▶ **THE PROBLEM**: In this exercise, write out the data word for word and leave every image out.

▶ **INPUT DATA**:
= Beginning of Section =

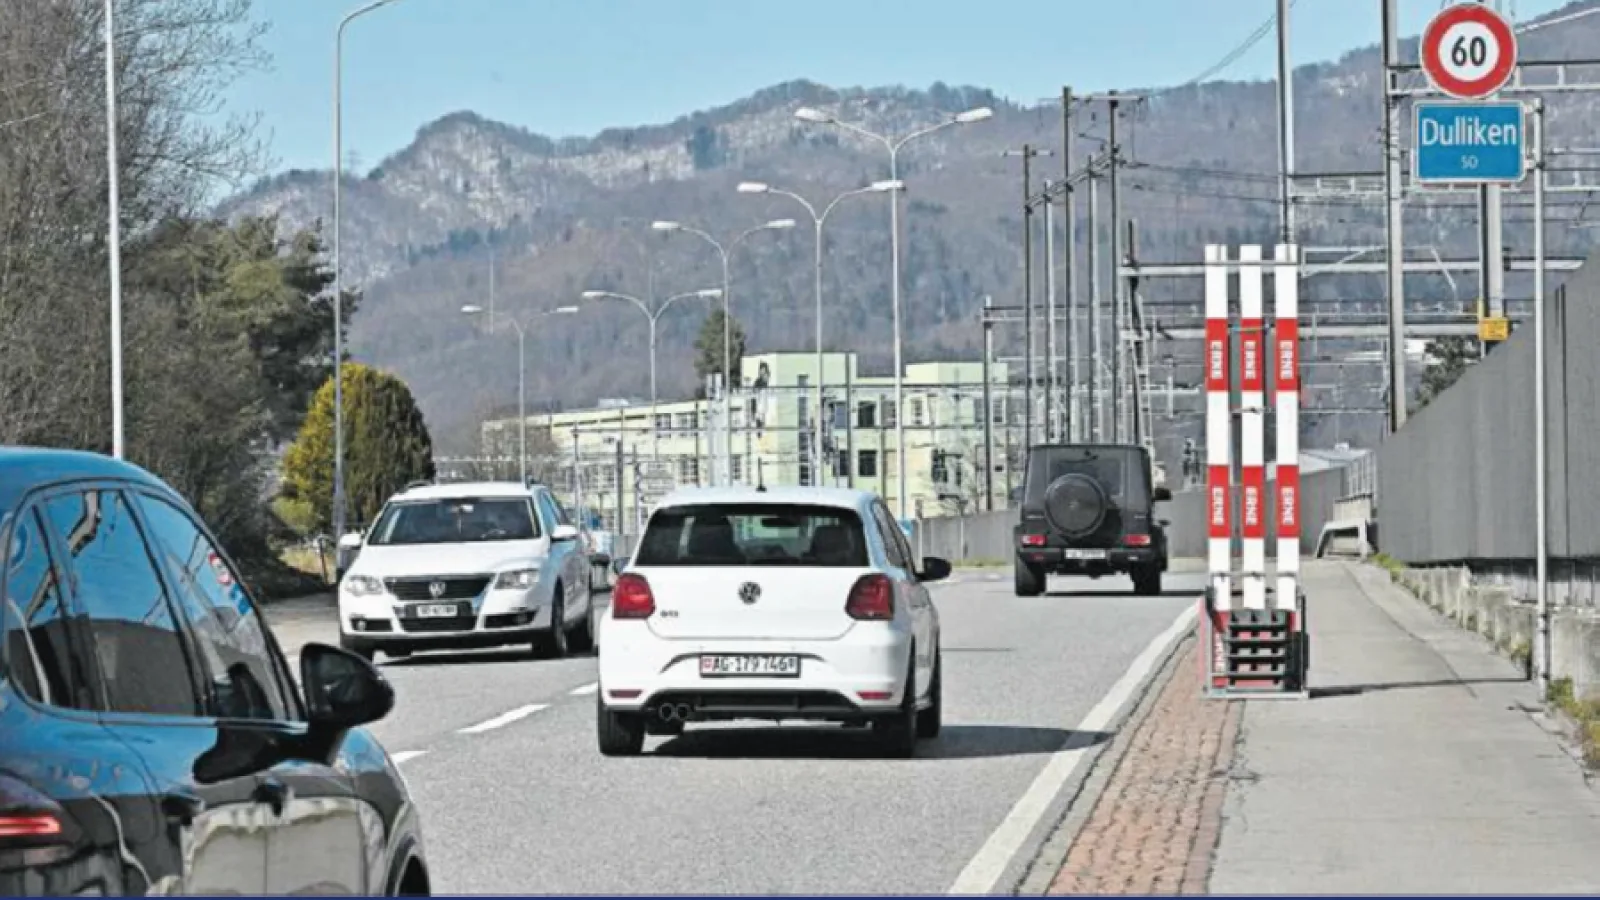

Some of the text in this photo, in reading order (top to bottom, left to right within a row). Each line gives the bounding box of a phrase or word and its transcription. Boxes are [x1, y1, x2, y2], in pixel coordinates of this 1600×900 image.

[1451, 35, 1487, 67] 60
[1421, 116, 1517, 146] Dulliken
[1244, 341, 1256, 379] ERNE
[1280, 341, 1293, 379] ERNE
[1212, 487, 1224, 525] ERNE
[1245, 487, 1258, 525] ERNE
[1281, 487, 1294, 525] ERNE

= End of Section =

▶ **OUTPUT BELOW**:
Some of the text in this photo, in reading order (top to bottom, left to right within a row). Each line gives the bounding box of a phrase or word and its transcription. Boxes are [x1, y1, x2, y2], in pixel coordinates of this 1600×900 image.

[1451, 35, 1487, 67] 60
[1421, 116, 1517, 146] Dulliken
[1244, 341, 1256, 379] ERNE
[1280, 341, 1293, 379] ERNE
[1212, 487, 1224, 525] ERNE
[1245, 487, 1258, 525] ERNE
[1281, 487, 1294, 525] ERNE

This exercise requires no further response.